I am new to kayaking. My experience is limited to a pamlico 135T that I have put about 100 miles on in small creeks and rivers. Today I bought an old (2001 model) rotomolded perception eclipse 17’ sealion. I believe it started life as a rental or demo because it has “instructional use only” carved into the hull at the bow and stern. Anyway, it looks to me to be in decent shape with no major deformations or anything. I took it out for a paddle tonight and did 3 miles at an average of 4 mph and was able to hit 7.1 for a second, but it was hard. There is no rudder on the boat so it was a bit of work to keep it on track and took some leaning to turn, but the thing I noticed most was that when I stop paddling the boat does not glide straight, it almost immediately starts to turn. I would almost describe it as “spinning out”. my pamlico will glide straight as an arrow forever, but this eclipse requires constant paddling. Is this normal for this boat or is there something wrong with it? Also, is there any other info I should know about this boat?
It will weather cock
She will turn one way or another as you lean the boat, It is what they do.
It is not a bad boat.
Instructional use only carved into the boat would cause me some concern.
Mine glides straight
If there is no quartering wind, no side currents, and I have it balanced correctly.

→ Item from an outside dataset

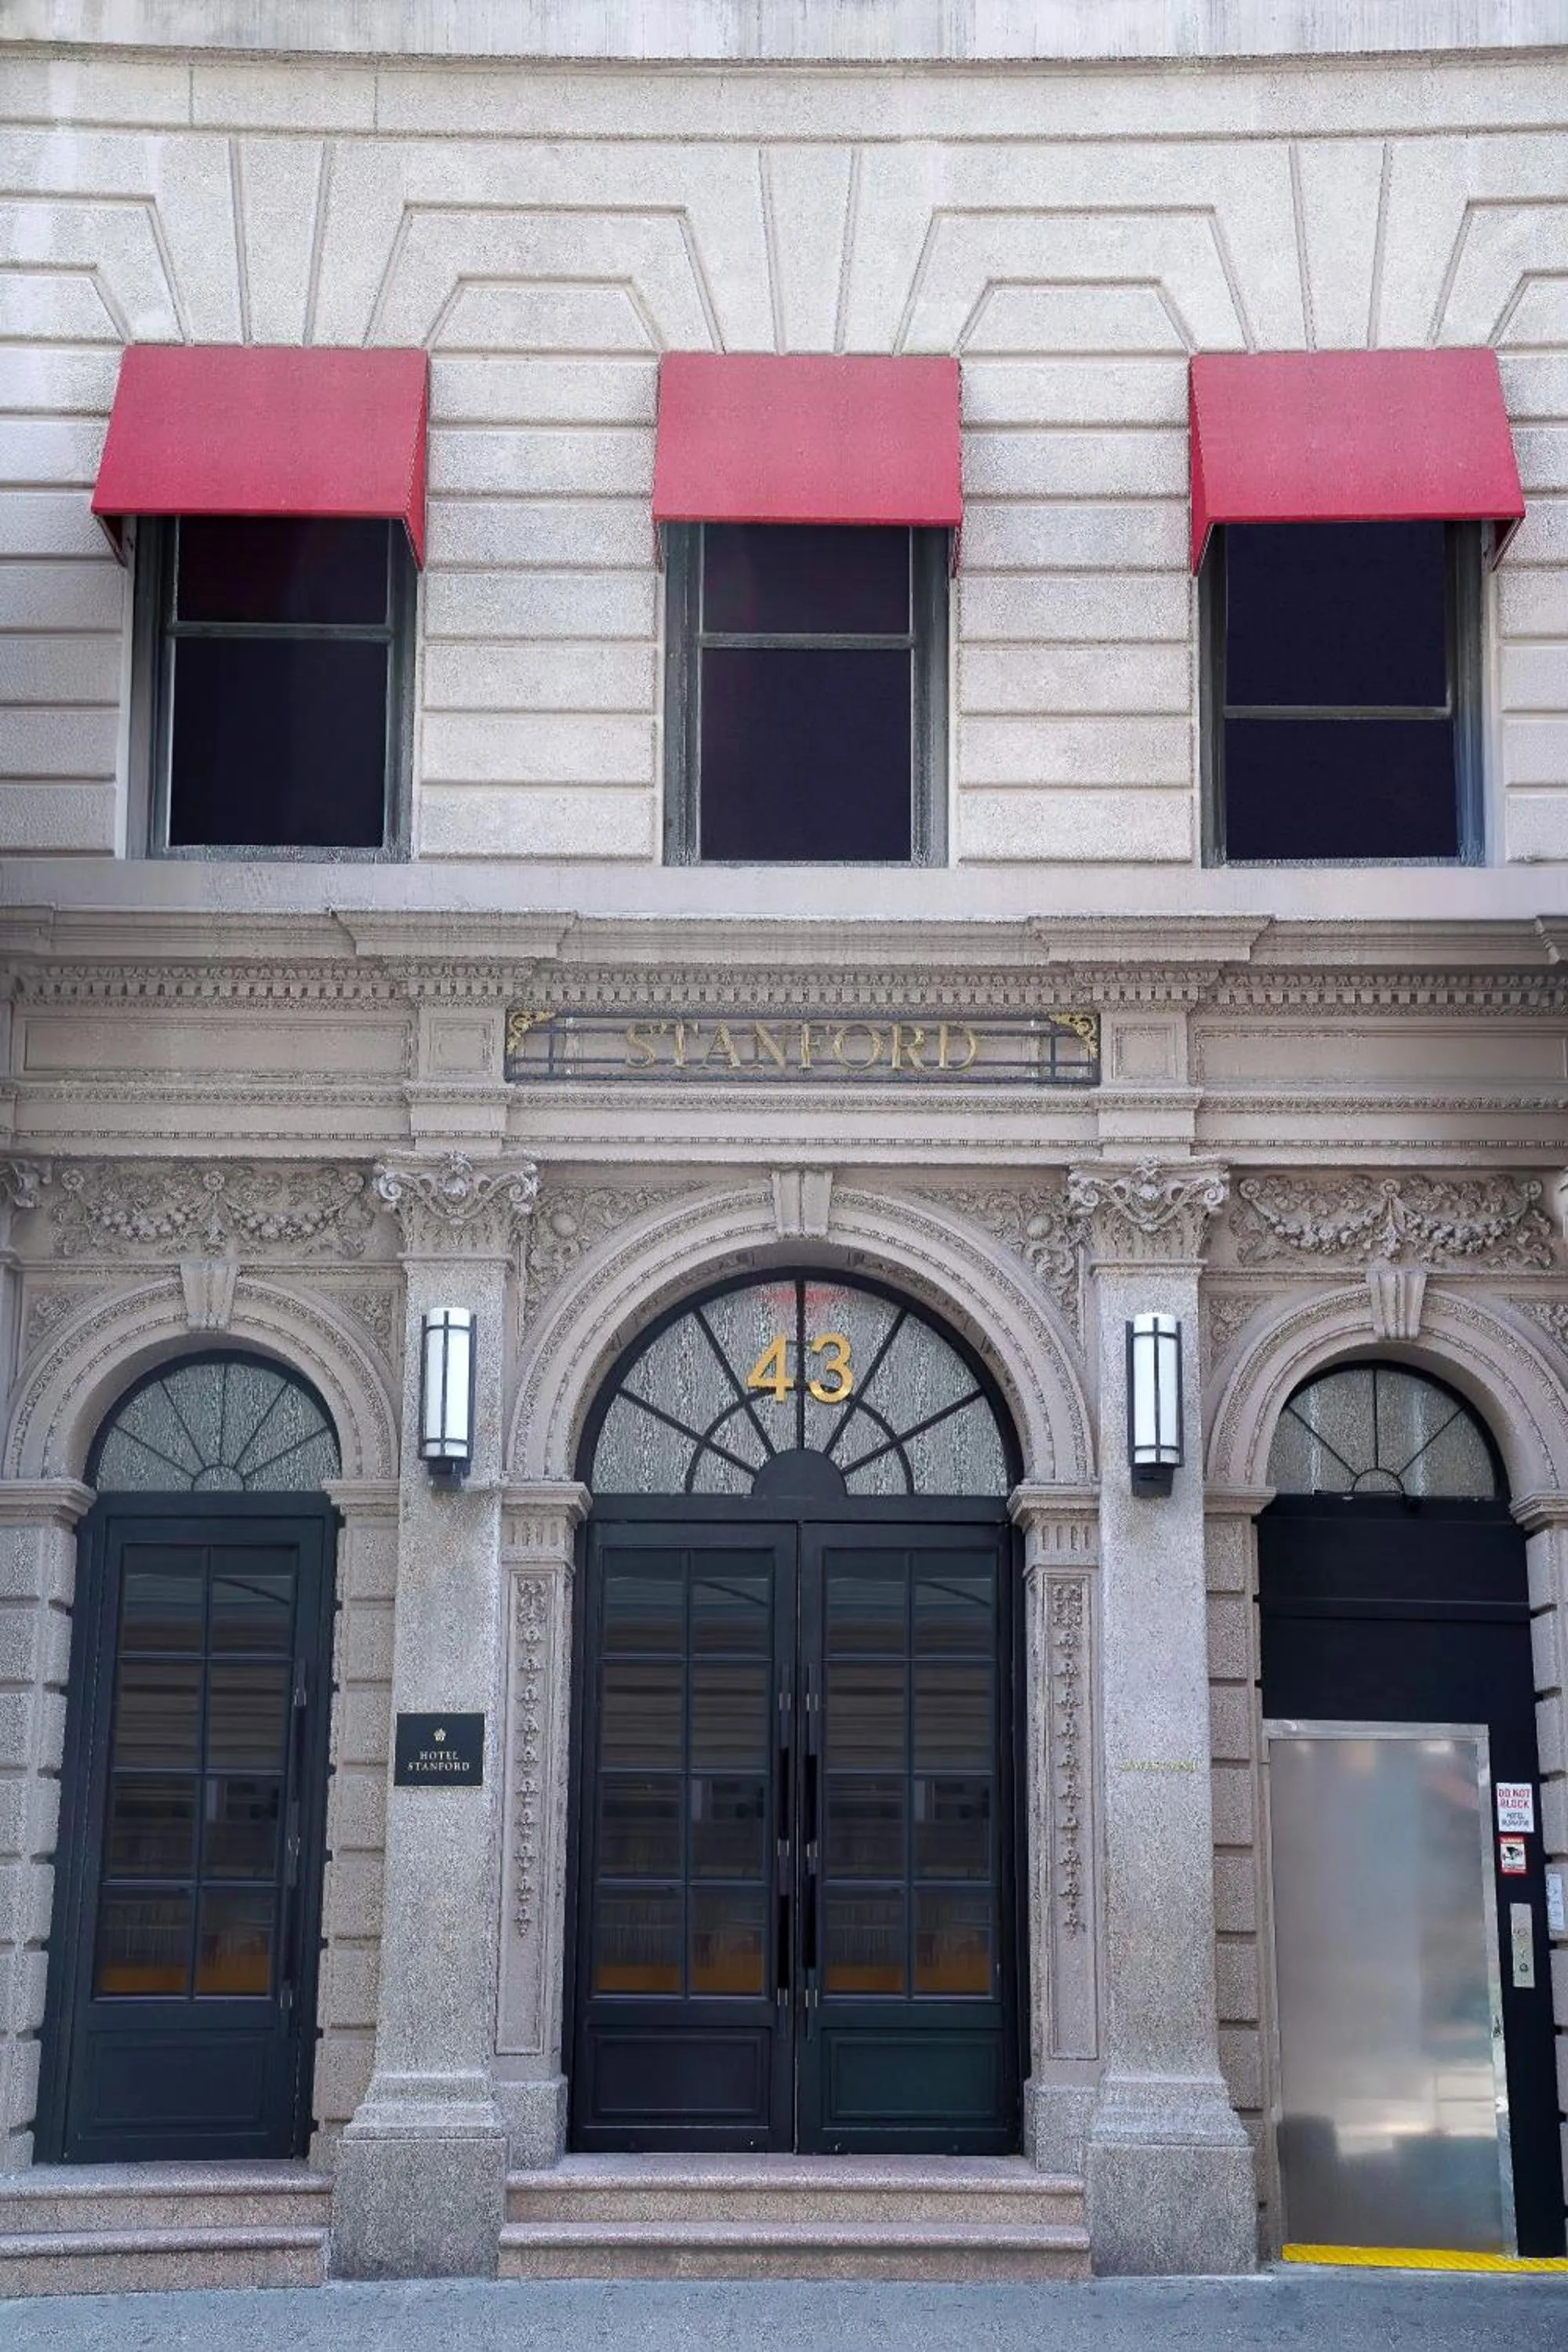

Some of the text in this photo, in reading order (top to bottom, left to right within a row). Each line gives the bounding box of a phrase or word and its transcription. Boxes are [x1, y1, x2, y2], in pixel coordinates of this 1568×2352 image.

They are a good industructable boat, but weigh a ton
Diff between boats
The 135T is quite wide compared to this boat, I’d guess. This boat is likely to be more reactive to your shifting position or paddling a little more strongly one side to the other. The imprint may also mean that it was a factory second and was sold for teaching because it had a known issue, though if it is a narrower boat for you the first stop is usually to take a hard look at your own paddling.
Don’t worry about
"instruction use only". I’m not 100% certain, but I believe Peception used to brand boats like this when they were provided to dealers at a much reduced cost (so that they would not be sold at full retail). It may or may not have been a cosmetic second.
it’s a way to get boats into a ‘program’ at a reduced cost to the outfitter and in turn they are not suppose to sell them for 1 or 2 years (depends on the program).
The Eclipse is not a strong tracker and requires some input to keep her straight (with or w/o wind) Rudder equipped is the way to go.